BONDS - NEVADA

Washoe-Mill Apartments v. U.S. Bank Nat. Ass'n

United States District Court, D. Nevada - September 30, 2013 - Slip Copy - 2013 WL 5493301

Washoe–Mill Apartments (WMA) is a Nevada General Partnership. WMA entered into a partnership agreement in order to construct and operate a HUD subsidized facility for seniors and disabled citizens, the Washoe–Mill Apartments.  In 1993, Bank of America Nevada (BOAN) and the Washoe Housing Finance Corporation (WHFC) entered into a Trust Indenture Agreement (the “Agreement”) regarding bonds used to refinance WMA’s mortgage loans for the WMA facility.  The Agreement was executed pursuant to HUD’s tax-exempt bond financing program regulations. Under the Agreement, BOAN was the trustee of the bond proceeds and was charged with making payment to bondholders. HUD states that these bonds were tax-exempt, the mortgage was insured by HUD, and WMA received rental subsidies from HUD.

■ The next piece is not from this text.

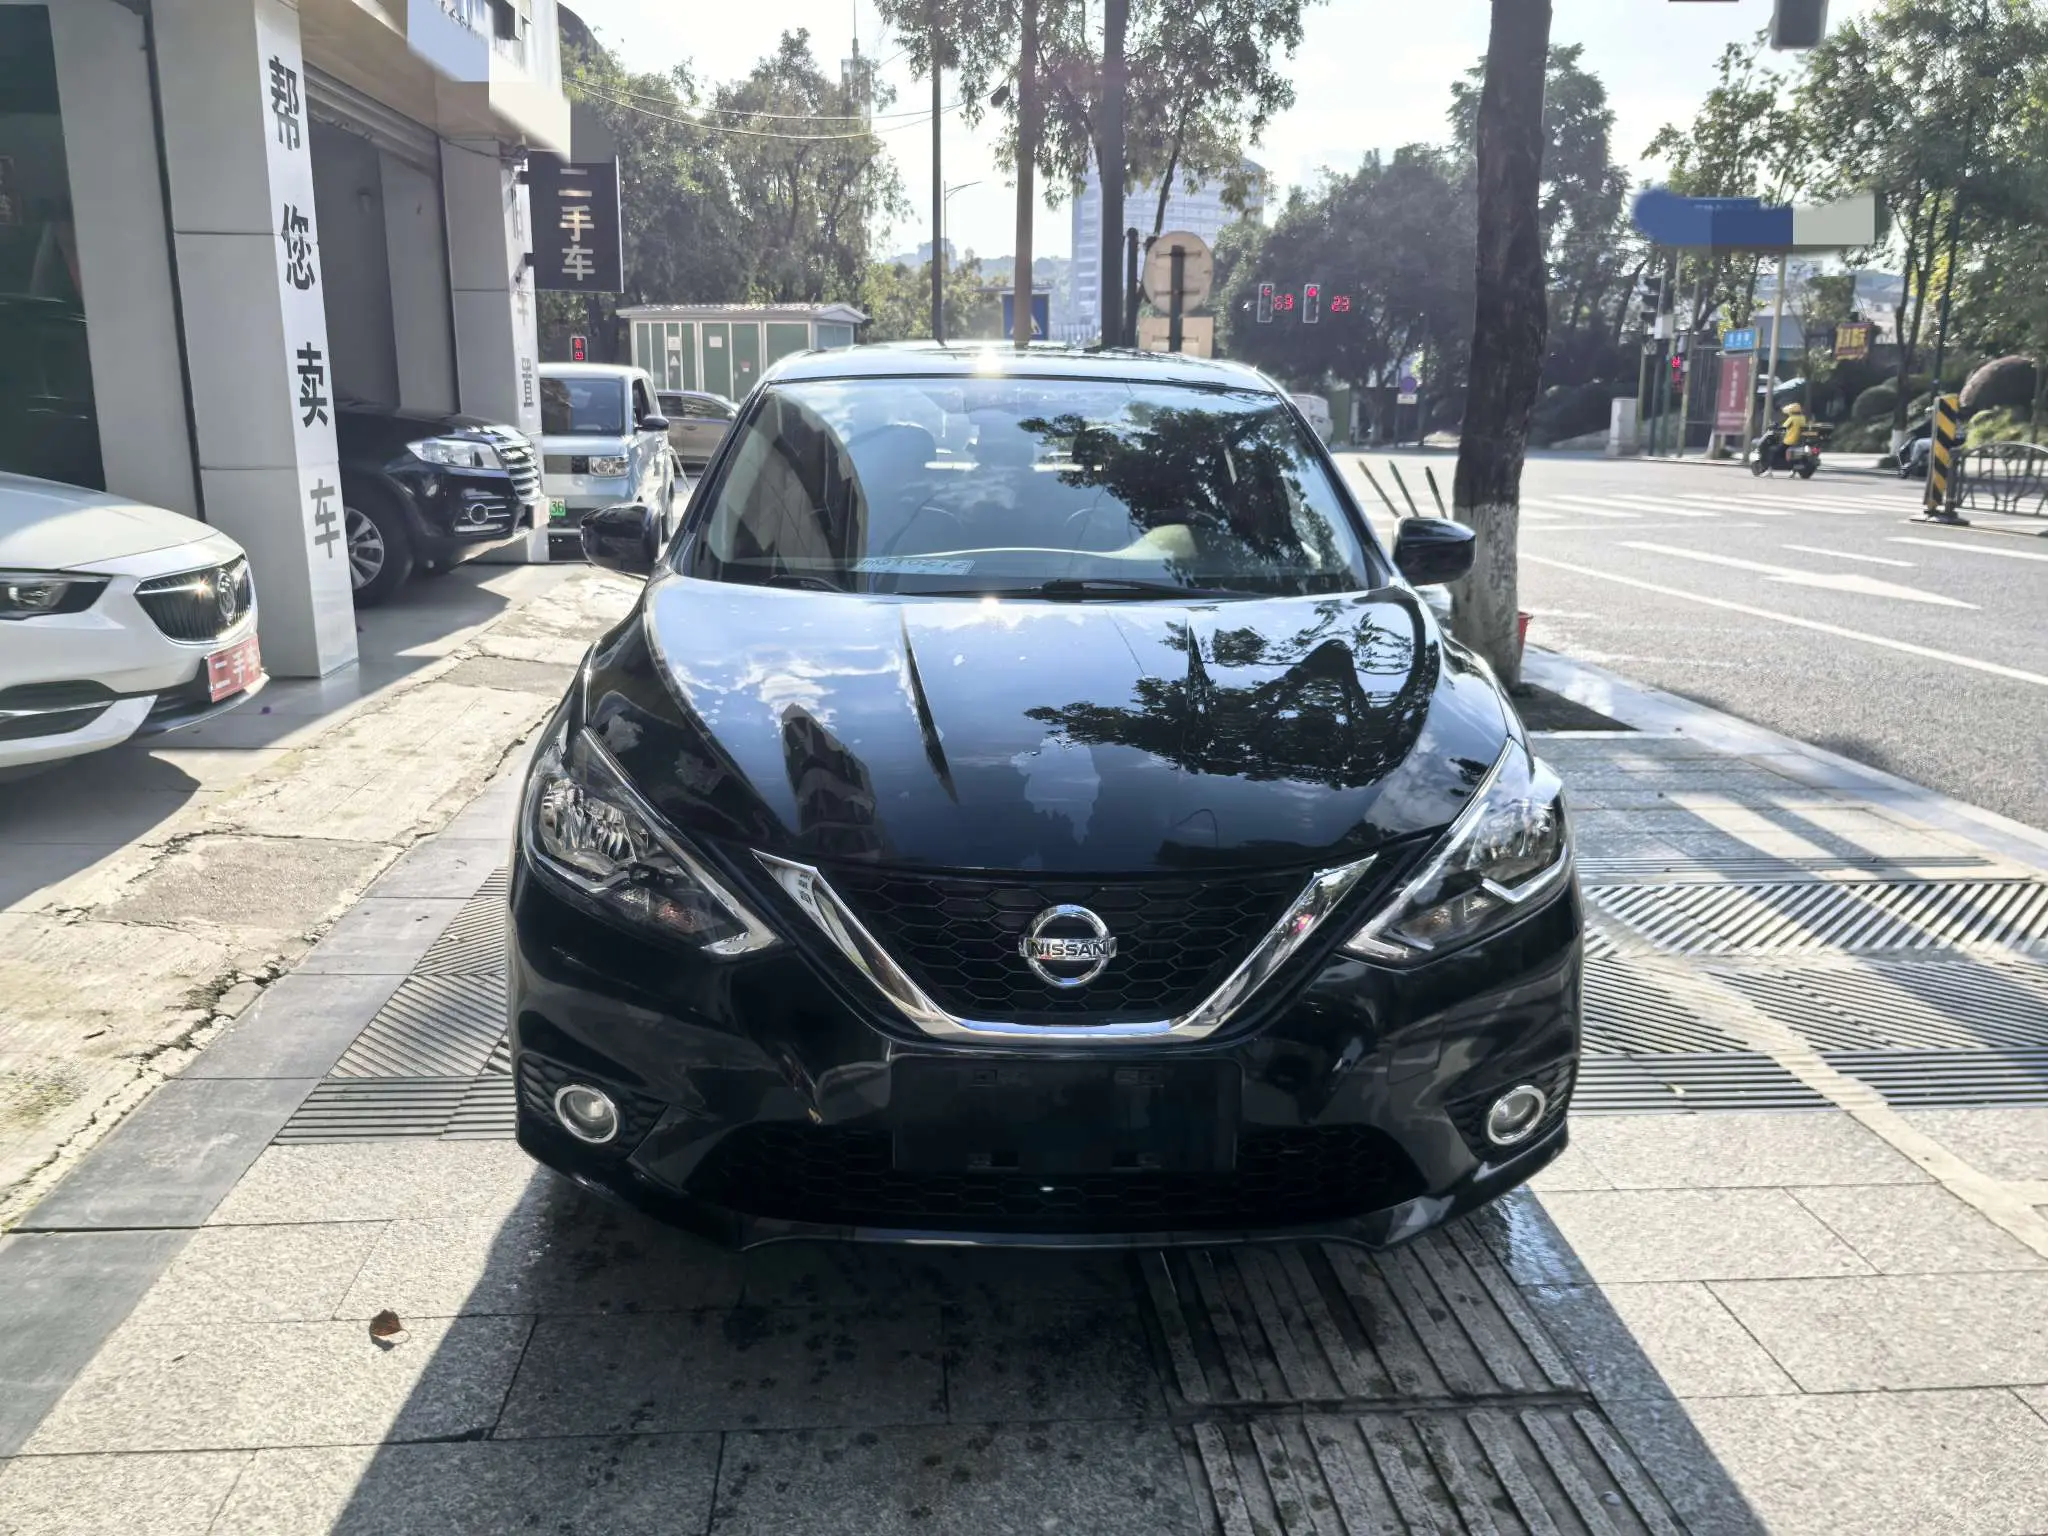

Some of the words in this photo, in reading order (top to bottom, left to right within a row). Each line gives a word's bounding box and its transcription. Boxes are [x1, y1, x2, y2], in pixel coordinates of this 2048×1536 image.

[558, 168, 596, 281] 二手车
[268, 55, 341, 559] 帮您卖车
[1029, 940, 1107, 957] NISSAN

The WMA facility was sold on January 21, 2011, and the payoff amount for the mortgage loan was remitted as full settlement of the mortgage.  A year later, in January 2012, a trust officer for U.S. Bank informed WMA that it had conducted an audit that revealed the existence of $229,160.81 remaining in the trust account. U.S. Bank conducted an investigation to determine who the funds belonged to but was unable to reach a conclusion.

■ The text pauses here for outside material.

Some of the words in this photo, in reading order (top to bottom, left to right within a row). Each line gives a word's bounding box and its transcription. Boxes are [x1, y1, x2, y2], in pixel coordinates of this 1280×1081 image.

WMA brought a claim for the full amount remaining in the trust.  HUD counterclaimed and moved for summary judgment on the grounds that the contractual language of the Agreement is clear that the interpleaded funds belong to HUD.

The Agreement was entered into pursuant to Section 11(b) of the United States Housing Act of 1937. HUD explained that Section 11(b) was originally designed to finance the acquisition, construction, or rehabilitation of low income housing.  After interest rates dropped in the late 1980s, however, Section 11(b) was used exclusively to pay off existing bonds by issuing new bonds at a lower interest rate.  In addition to insuring the mortgage through these tax-exempt bonds, HUD also provides rent subsidies. In exchange for these benefits, “[u]pon full payment of the principle and interest on the obligations (including that portion of the obligations attributable to the funding of the debt service reserve), any funds remaining in the debt service reserve shall be remitted to HUD.” 24 C.F.R. § 811.108(a)(3).

HUD asserted that Section 413 of the Agreement incorporates this statutory requirement. Section 413 states that, “[u]pon final payment of all principal of, premium, if any, and interest on the Bonds, and upon satisfaction of all claims against the Issuer and the Trustee hereunder … any moneys remaining in all Funds shall be paid at the written direction of the Issuer to HUD.”  The court agreed, granting HUD’s motion for summary judgment.